Kerry Ramsay is a priest on the staff of Great St Mary's, the University Church, Cambridge and a research student at Heythrop College, London.
Melissa Raphael is Senior Lecturer in Theology and Religious Studies at Cheltenham and Gloucester College of Higher Education. She is the author of Thealogy and Embodiment: The Post-Patriarchal Reconstruction of Female Sacrality (Sheffield, Sheffield Academic Press, 1996), Rudolf Otto and the Concept of Holiness (Oxford, Oxford University Press, 1997) and Introducing Thealogy: Discourse on the Goddess (Sheffield, Sheffield Academic Press, 1999).
Angela West is a theologian and writer living in Monmouth. She is the author of Deadly Innocence: Feminism and the Mythology of Sin (London, Cassell, 1995) and of numerous articles.
This book is the outcome of a conference held, with the same title, at Heythrop College, University of London, in May 1999. I am grateful to the speakers for making their papers available for publication here, and for those additional contributors who wrote and offered papers for this book. We are grateful to John McDade SJ, Principal of Heythrop, for his encouragement and welcome to the conference, and for the hospitality of the College and its staff. My thanks to Gemma Simmonds IBVM, Chaplain at the College and Laurence Hemming, for their work in the planning of the conference, and to Gemma especially for her skill and good humour in chairing the day.

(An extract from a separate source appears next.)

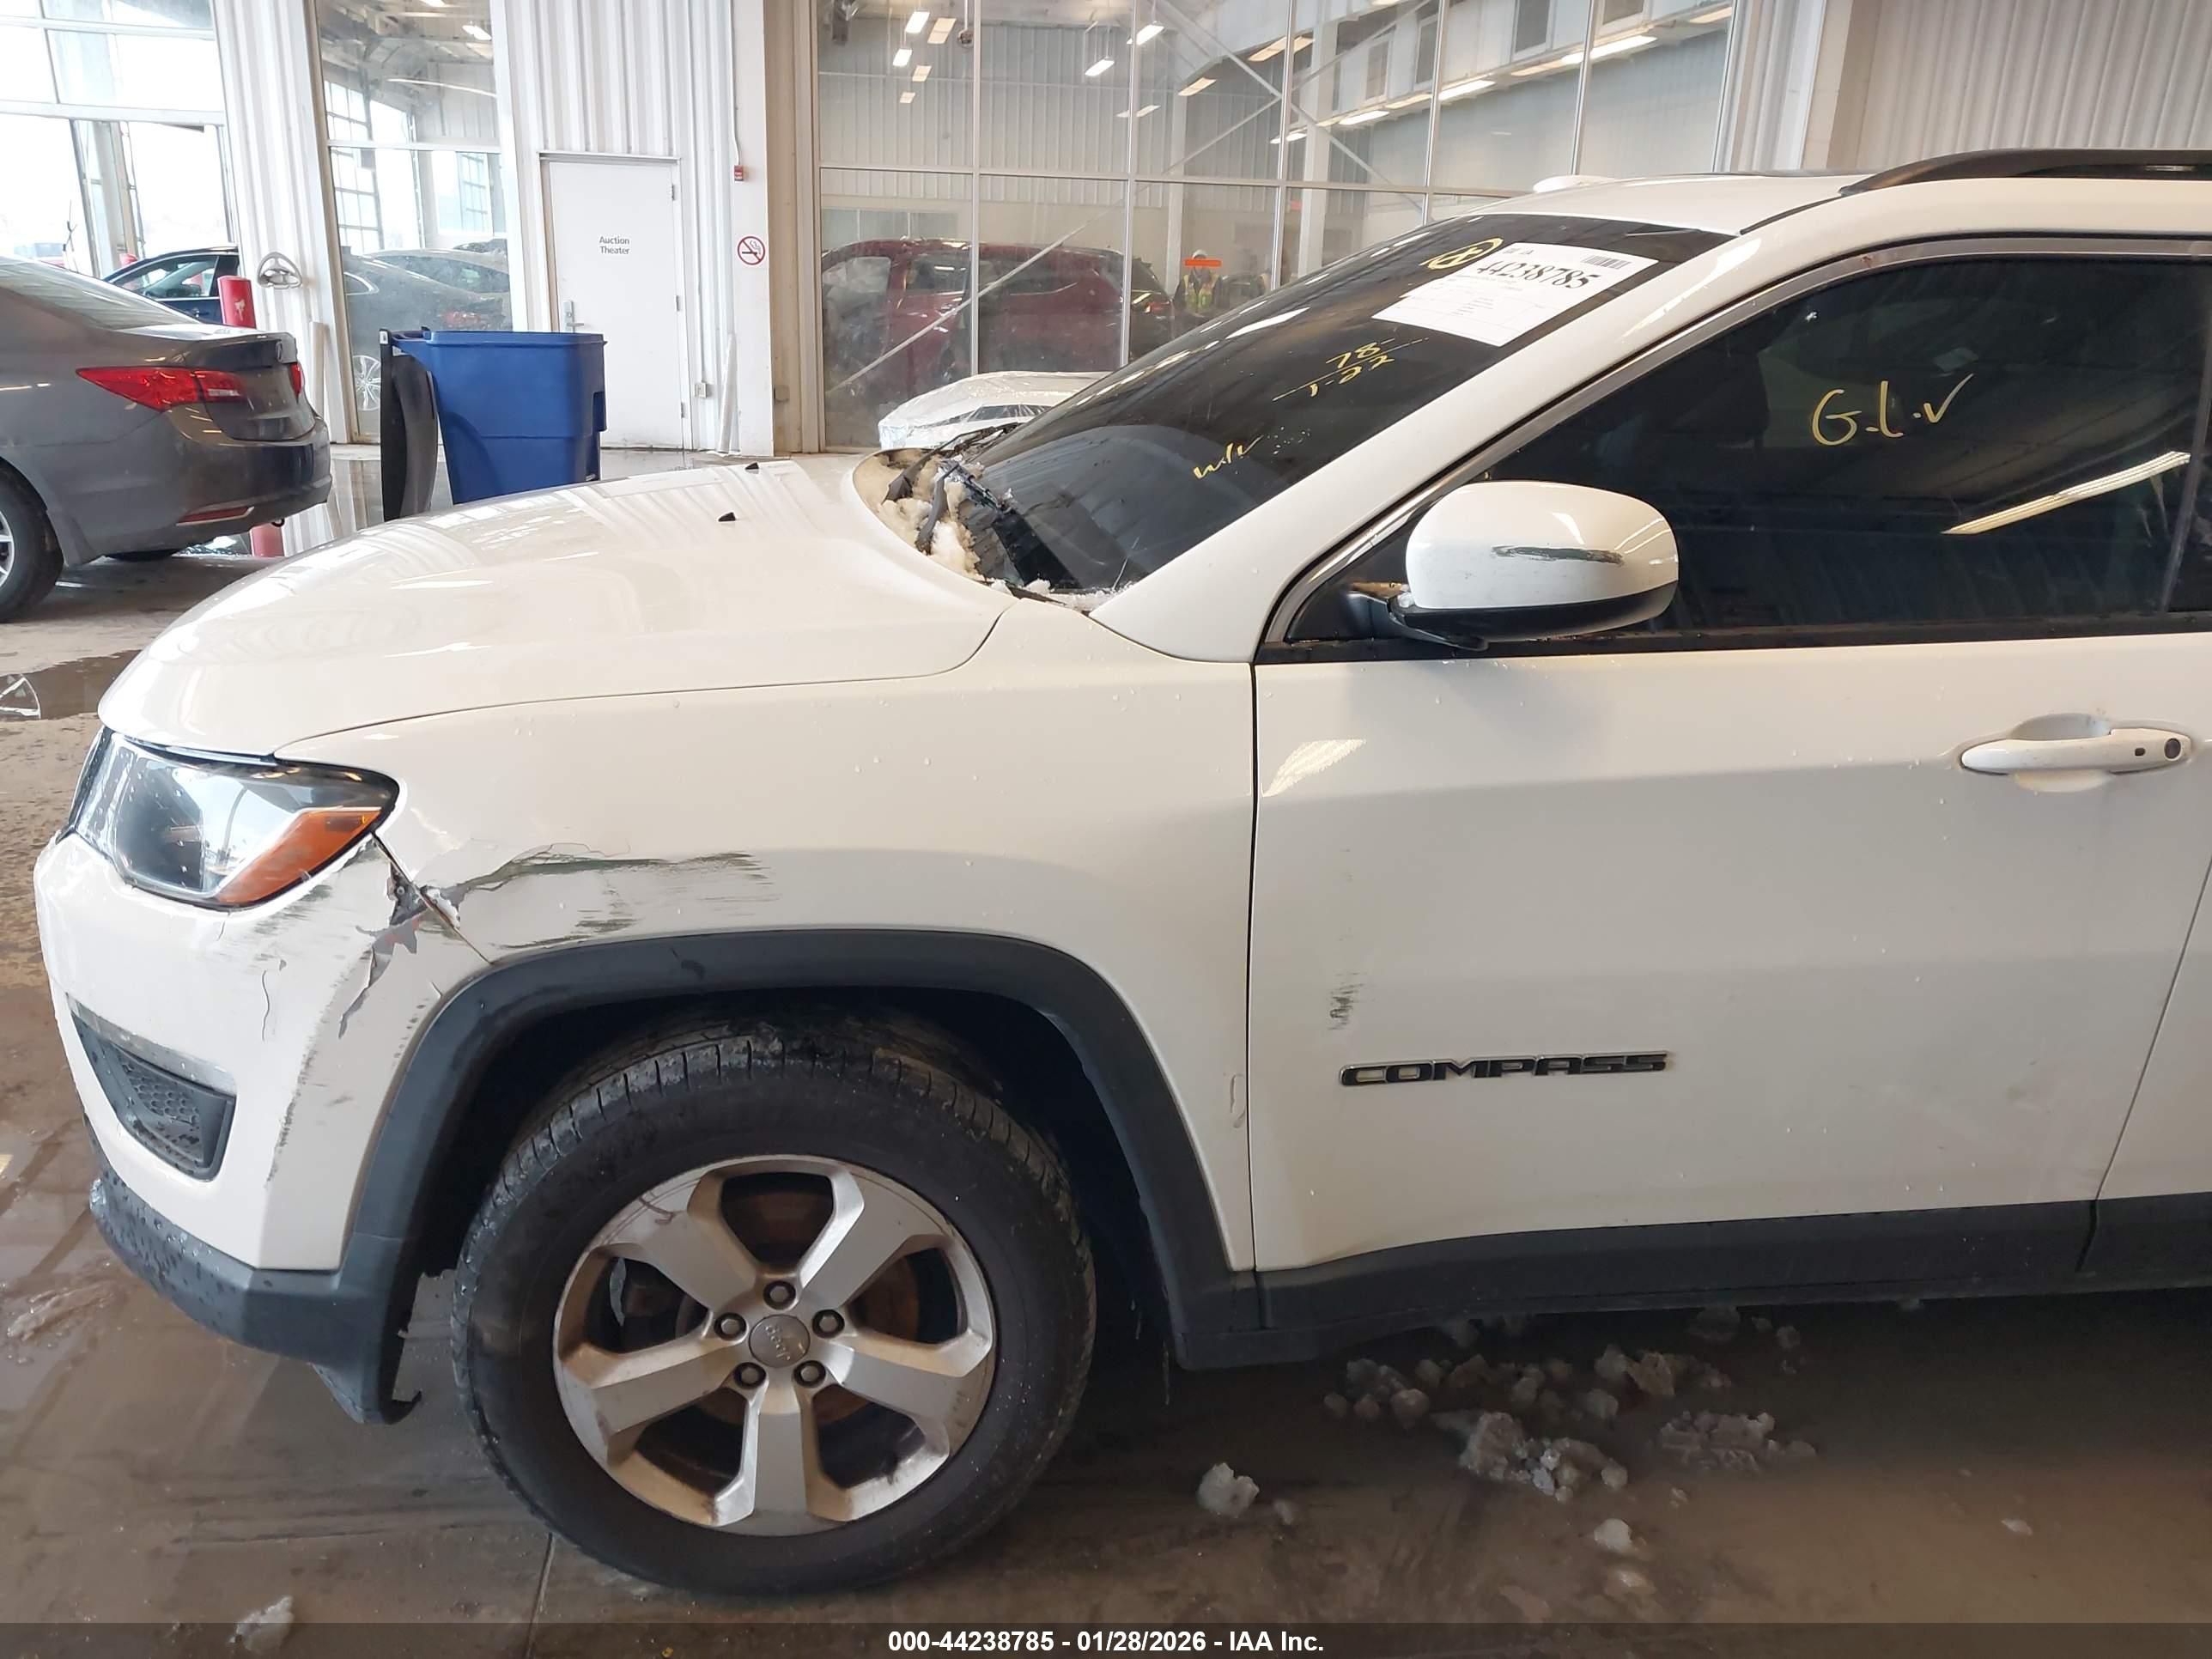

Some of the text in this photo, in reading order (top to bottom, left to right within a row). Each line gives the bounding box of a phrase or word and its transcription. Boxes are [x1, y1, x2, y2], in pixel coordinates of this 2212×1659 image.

The Editor and Publisher would like to thank the following for permission to reproduce material used in this book: Sheffield Academic Press Limited for the article When God Beheld God: Notes Towards a Jewish Feminist Theology of the Holocaust by Melissa Raphael, originally published in Feminist Theology, 21 (May, 1999), pp. 53 ff., of which the chapter included here is an abridged version; T&T Clark for the article Justification by Gender: Daphne Hampson's After Christianity by Angela West, originally published in the Scottish Journal of Theology, 1998, Vol. 51 No. 1, pp. 99 ff., to which a new preface has been added here.
My thanks to Sarah Jane Boss of the Marian Study Centre at the Margaret Beaufort Institute in Cambridge for her help in locating the cover illustration. Thanks are also due to Laurence Hemming and to Tony Hemming for their help in the editing and preparation of the text.